In terms of form, the Lumia 620 is one of those “cute” little smartphones that fits neatly in to your hands and is designed to be compact yet attractive enough to catch your eye. Like its bigger brother the Lumia 820, the 620 also employs the use of interchangeable panels. Most of the panels showcased at the event seemed to be constructed of a rugged rubber-like material. This naturally facilitated the grip to quite an extent while still maintaining some level of style with colourful options like lime green, orange, magenta, yellow, cyan, white and black.
A neat little smartphone
The smaller display (3.8-inches) features a 480 x 800 pixel resolution complete with ClearBlack tech to make it legible in all lighting conditions. That’s the same resolution as the 820, only with a higher pixel density. However, the 620’s display is not of the AMOLED variety.

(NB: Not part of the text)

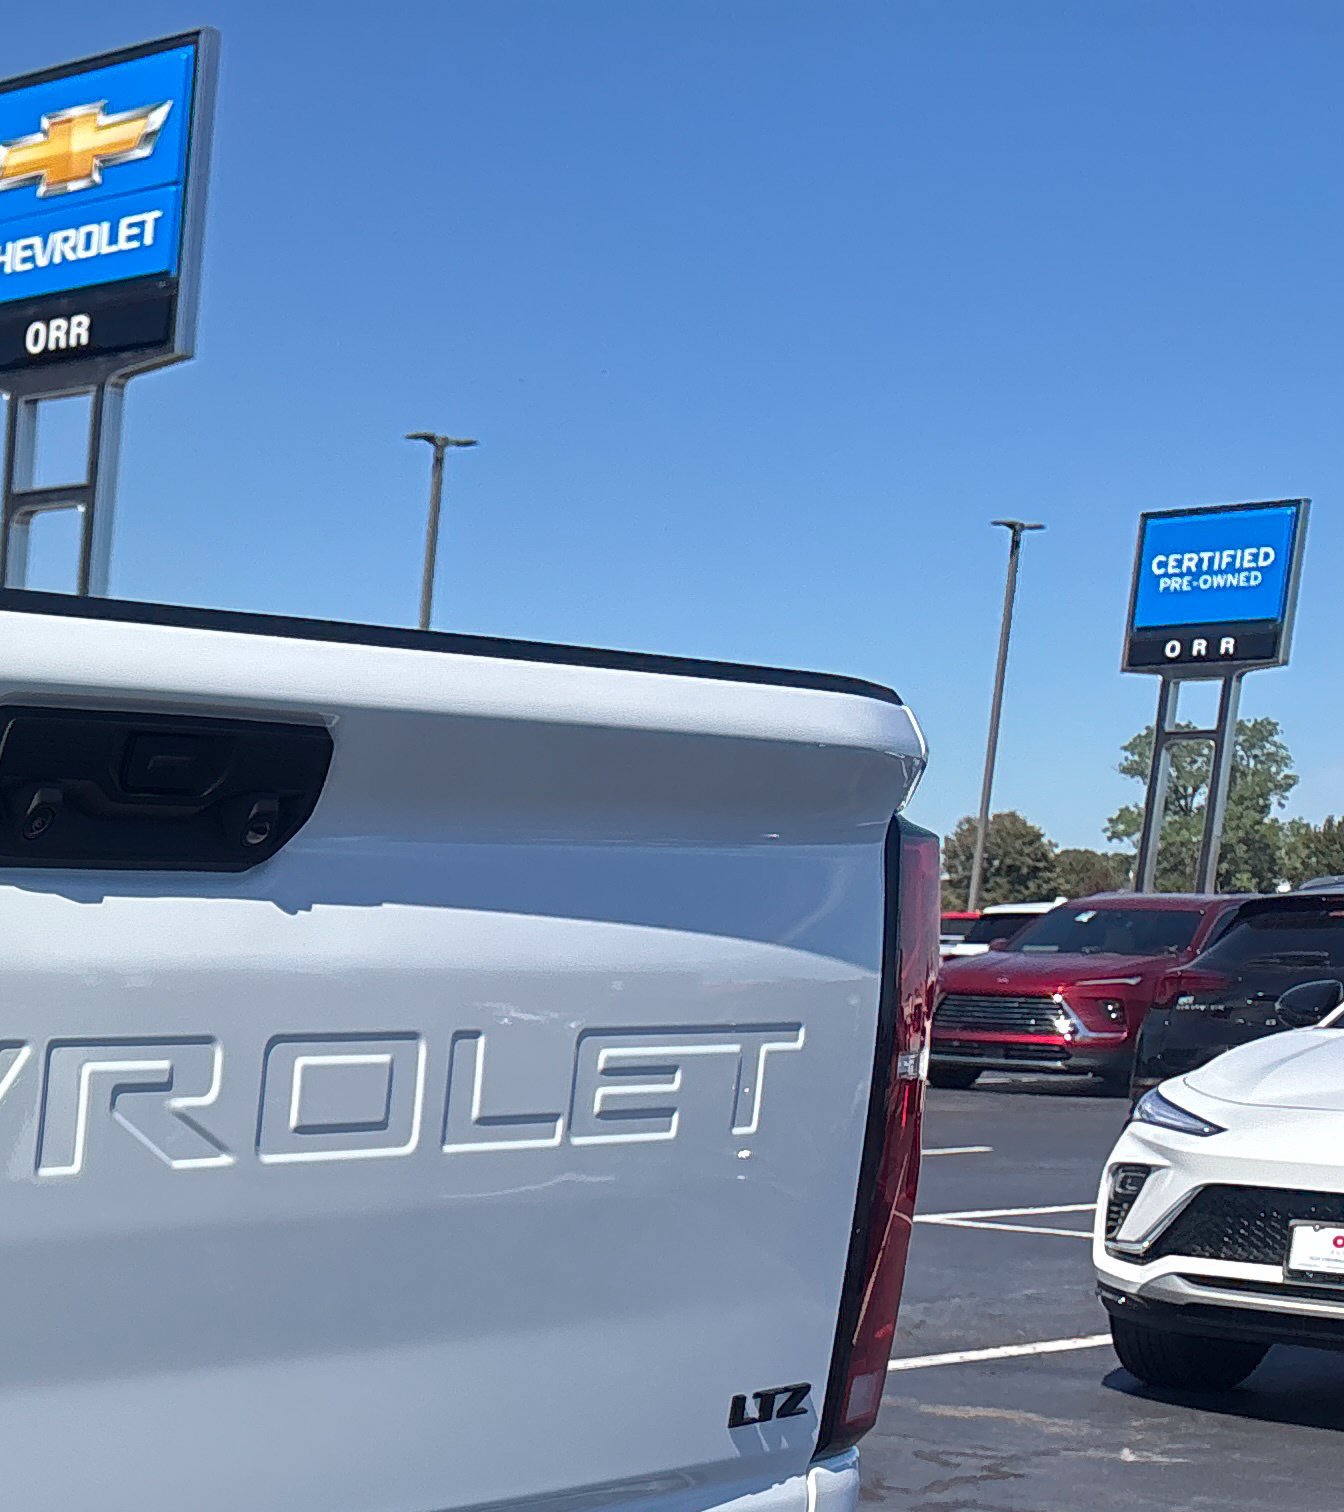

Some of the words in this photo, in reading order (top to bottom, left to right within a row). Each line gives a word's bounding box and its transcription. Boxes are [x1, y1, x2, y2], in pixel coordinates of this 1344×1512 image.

Weighing in at just 127g, the Lumia 620 is also easy on the pocket. It’s not the slimmest phone there, but at 11mm in depth, it’s comfortable to carry along and use without issue. Thumb reach for onscreen access was not a difficult task even for those with smaller hands.
Hot swap for more storage
It was a pleasant surprise to find a hot-swap memory card slot under the rear panel. The 620 can support up to 64GB of external memory and comes with 8GB of internal memory. The 1300mAh battery powering this handset should be just about right to ensure at least a full day’s use—we’re hoping. A 5 megapixel AF camera with an LED flash adorns the rear and a secondary VGA camera is placed at the top in front.
A decently powerful battery
Again, the universally cloistered OS works just as well on the 620 as it does on the 920. From what we experienced at the event, even with 512MB of RAM, the Windows Phone 8 OS ran just as smoothly as expected. Its simplicity and easy to use setup with refreshed tiling system makes the platform one to look out for. If only there were more apps.
Handling of the OS on this smaller form factor handset was so much easier than the larger models. Typing was also faster as it was easier to reach the keys not being spread out too widely as on the larger displays. The form factor of this phone is dedicated to ease of use it seems, as most would find it very comfortable.
The 5MP shooter
With added features like GLONASS for GPS along with Nokia Drive and Nokia Maps, the 620 is a loaded handset. It also comes equipped with 3G support, Wi-Fi and NFC, which isn’t easily available in most handsets that would fall in this handset’s expected price bracket. All of this is powered by a Qualcomm Snapdragon S4 processor of the Dual Core 1GHz variety. With USB and the non-requirement of the infamous Zune software anymore, copying media is a much easier task—just drag and drop.
No wireless charging just USB
Like the others, Nokia’s Lumia 620 will also come preloaded with a few image capture and edit apps for the 5MP camera. Nokia camera Lenses and the City Lens app also add a little more value to the handset's worth. What’s missing is wireless charging. That particular system seems to have been left out of the handset's specifications make up. Perhaps a panel with the wireless charging kit could be provided at a later date.
In dire need of apps
The bottom line
Nokia’s got plans to launch the Lumia 620 some time in mid Feb. Its pricing hasn’t been announced yet, but we’re estimating it to be between the Rs 17,000 and Rs 22,000 mark. With the kind of specs this handset is equipped with, it stands a really healthy chance of beating out the competition, i.e. the HTC 8S. As smartphones in general go, the Lumia 620 has quite a bit to offer in a cool, stylish design. All we have to wait for now is app development to take off and you’ll have yourself a fully loaded smartphone in a decent budget. Like we’ve said before, Nokia’s got the right hardware, but Microsoft needs to seriously bring the apps.